A Cozinha

Mil anos depois dos Grandes Fogos Atômicos, uma equipe de arqueólogos encontrou uma caixa selada nas ruínas de um museu da antiga Nova Iorque. Acreditava-se que a caixa era uma cápsula do tempo, destinada a preservar objetos e recordações do passado remoto para as gerações futuras. E, dentro da caixa, os arqueólogos encontraram um rolo de filme sonoro, em preto e branco, perfeitamente preservado. Junto ao rolo, um cartão datilografado onde se lia "Kitchen (1965), por Andy Warhol".

- Deve ser um registro histórico importante - determinou o chefe da expedição arqueológica, antes de enviar o rolo para ser restaurado e copiado.

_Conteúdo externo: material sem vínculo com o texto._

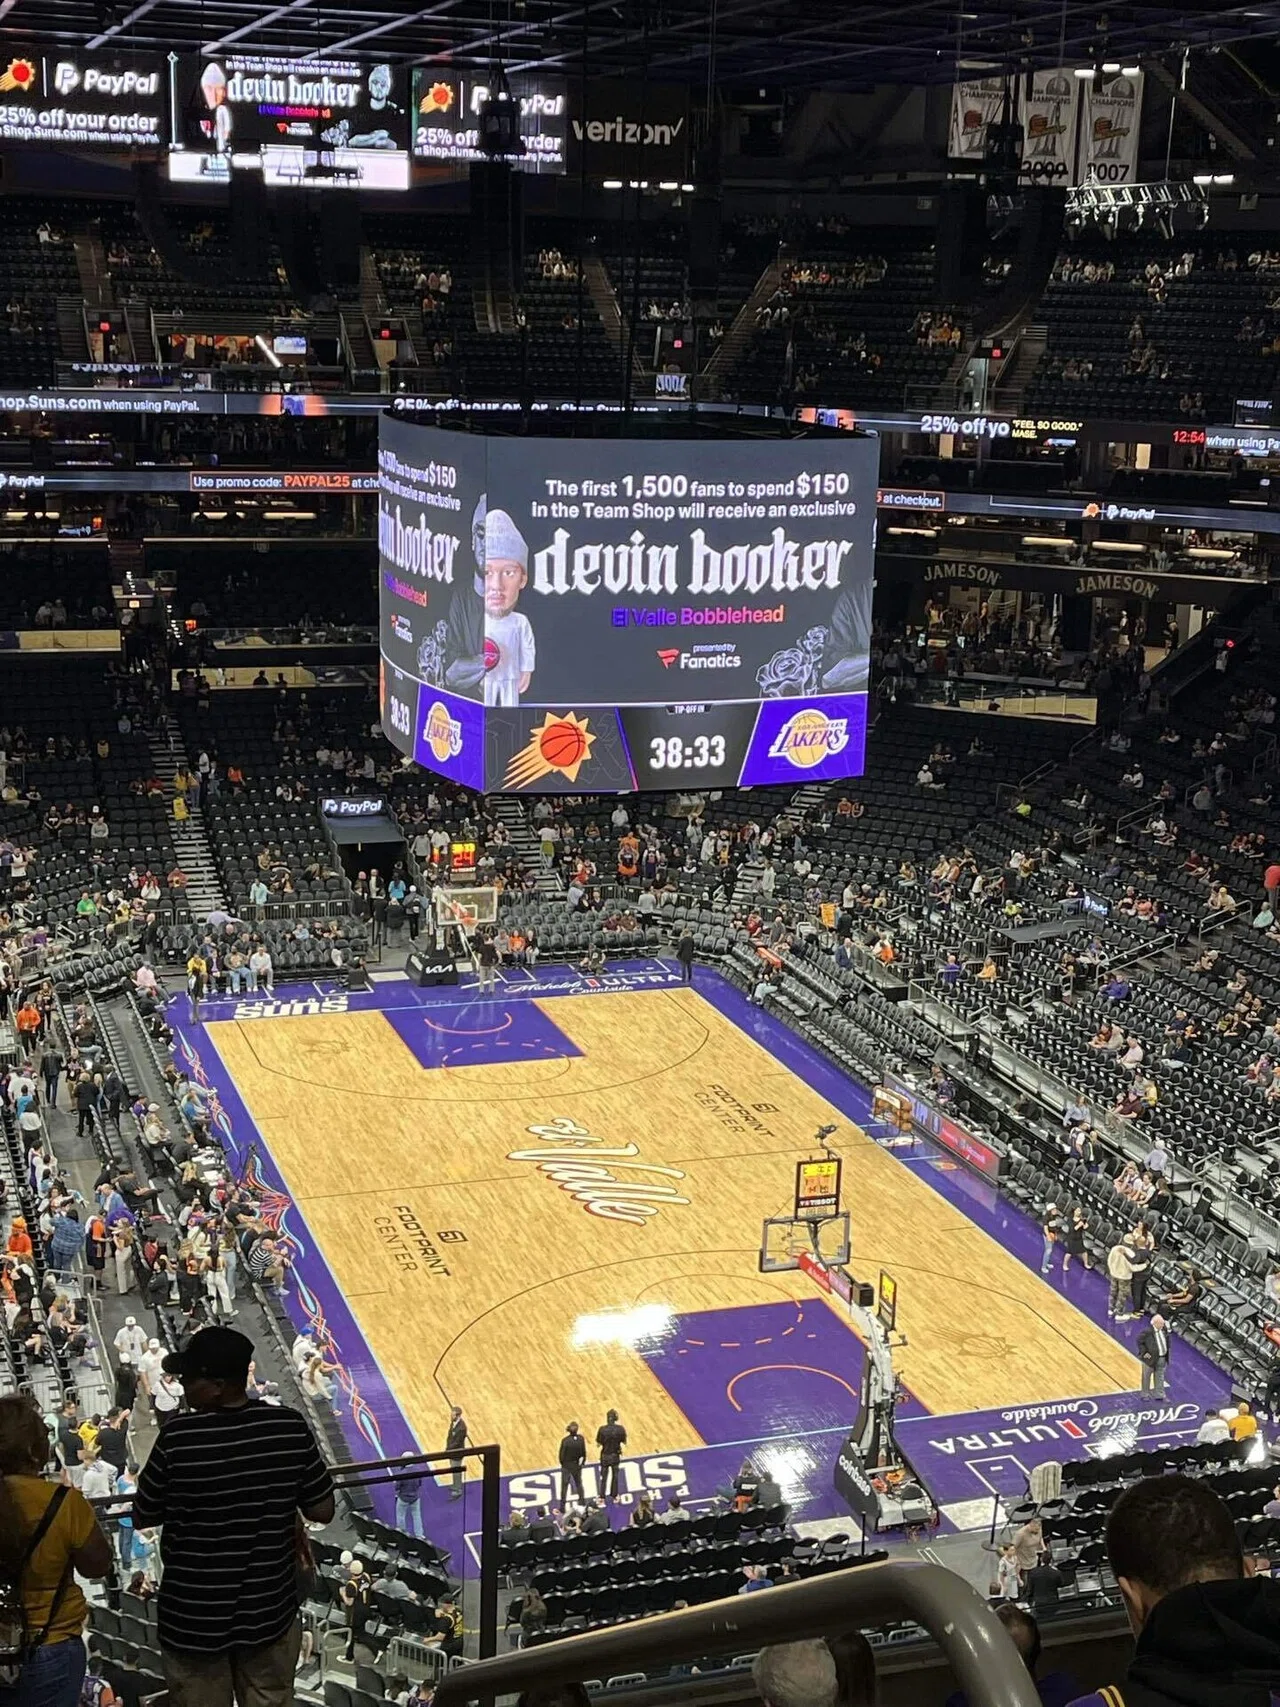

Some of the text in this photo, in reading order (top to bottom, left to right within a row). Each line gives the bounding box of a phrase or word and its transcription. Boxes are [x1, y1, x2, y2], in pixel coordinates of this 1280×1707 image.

[84, 69, 157, 95] PayPal
[227, 71, 360, 107] devin booker
[960, 90, 1007, 99] CHAMPION
[0, 105, 159, 131] 25% off your order
[3, 125, 87, 140] Shop.Suns.com
[417, 127, 452, 145] 25%
[455, 130, 479, 146] off
[572, 116, 684, 146] verizon
[1088, 163, 1130, 181] 2007
[103, 400, 131, 410] when
[134, 400, 161, 412] using
[163, 400, 199, 412] PayPal.
[921, 415, 959, 433] 25%
[961, 418, 986, 434] off
[1011, 428, 1038, 439] MASE.
[1037, 420, 1050, 430] SO
[1172, 429, 1205, 444] 12:54
[1206, 436, 1235, 448] when
[1237, 437, 1267, 450] using
[9, 475, 45, 488] PayPal
[193, 476, 213, 487] Use
[216, 478, 250, 489] promo
[252, 476, 282, 487] code:
[284, 475, 350, 487] PAYPAL25
[352, 477, 361, 488] at
[429, 460, 456, 488] $150
[545, 472, 850, 499] The first 1,500 fans to spend $150
[883, 495, 893, 504] at
[531, 500, 856, 522] in the Team Shop will receive an exclusive
[1120, 508, 1156, 521] PayPal
[396, 504, 460, 585] booker
[532, 526, 854, 596] devin booker
[924, 563, 1000, 586] JAMESON
[1076, 575, 1158, 599] JAMESON
[612, 604, 785, 627] El Valle Bobblehead
[693, 643, 736, 654] presented by
[679, 652, 742, 669] Fanatics
[674, 705, 697, 714] TIP-OFF
[774, 726, 846, 753] LAKERS
[650, 735, 726, 769] 38:33
[341, 799, 382, 814] PayPal
[602, 974, 683, 986] ULTRA
[694, 1092, 746, 1133] CENTER
[707, 1083, 776, 1138] FOOTPRINT
[373, 1216, 418, 1272] CENTER
[393, 1205, 452, 1277] FOOTPRINT
[1001, 1400, 1098, 1423] Courtside
[928, 1403, 1200, 1454] Michelob ULTRA
[838, 1453, 872, 1497] coinbase
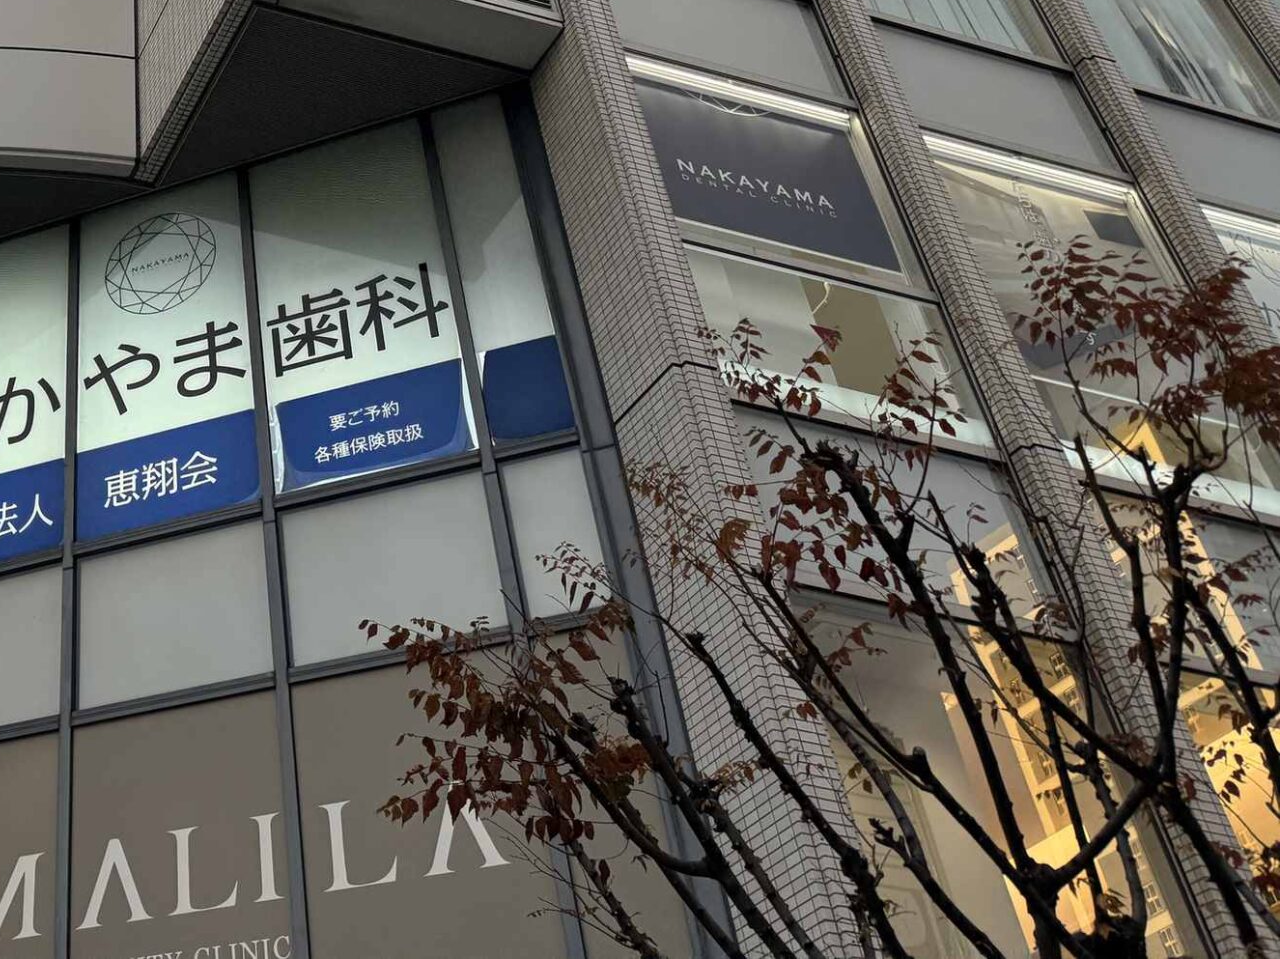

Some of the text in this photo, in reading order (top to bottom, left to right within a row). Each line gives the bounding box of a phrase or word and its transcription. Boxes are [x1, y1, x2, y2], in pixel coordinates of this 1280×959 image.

No laboratório encarregado da recuperação do filme, os técnicos que primeiro o viram e ouviram não tiveram dúvidas de que estavam diante de algo muito especial.

- Vejam só... a ação transcorre por inteiro num único cenário, essa cozinha citada no título do filme - avaliou o chefe dos técnicos.

O espaço, além de pequeno e preenchido por uma geladeira, pia, fogão e uma mesa em primeiro plano, registrava ainda a presença de seis atores perambulando diante de uma câmera fixa. Uma das duas mulheres, uma loura chamada Jo, espirrava o tempo todo, parecendo padecer de um terrível resfriado. Lá pelas tantas, um mixer foi ligado e tornou-se impossível ouvir os diálogos (embora estes não fossem particularmente empolgantes).

- Se isto é um registro fidedigno da vida cotidiana em meados do século XX, - observou o chefe dos técnicos, testa franzida - já sabemos porque aquela civilização acabou. É difícil crer que algum ser humano, em condições psicológicas normais, suportaria uma existência tão estúpida e vazia quanto a demonstrada por estas personagens nessa cozinha atravancada.

- Uma vida assim, explica muitas coisas - fez coro uma técnica. - Até mesmo a poluição dos rios ou a tal Guerra do Vietnã, que parecer ter sido tão importante nesse período.

- Eu mesmo preferiria ir para a guerra do que ter que suportar tamanho horror - impressionou-se outro técnico.

Posteriormente, uma comissão de avaliação do patrimônio histórico, emitiu uma nota onde sugeria que Andy Warhol, o diretor do filme, deveria ter sido um notório dissidente político. A sua obra sobre a cozinha cheia de gente sem perspectivas, foi considerada um documento de denúncia das condições abjetas de vida, nas grandes cidades norte-americanas daquele período; daí a razão de ter sido preservada numa cápsula do tempo.

- A coragem de Andy Warhol, - declarou o arqueólogo responsável pela descoberta - permitiu que tivéssemos um raro vislumbre sobre o cotidiano de nossos antepassados, e a entender melhor suas motivações e seu desespero.

Sem sombra de dúvida, todos os que tiveram o desprazer de assistir "Kitchen", concordaram integralmente com ele.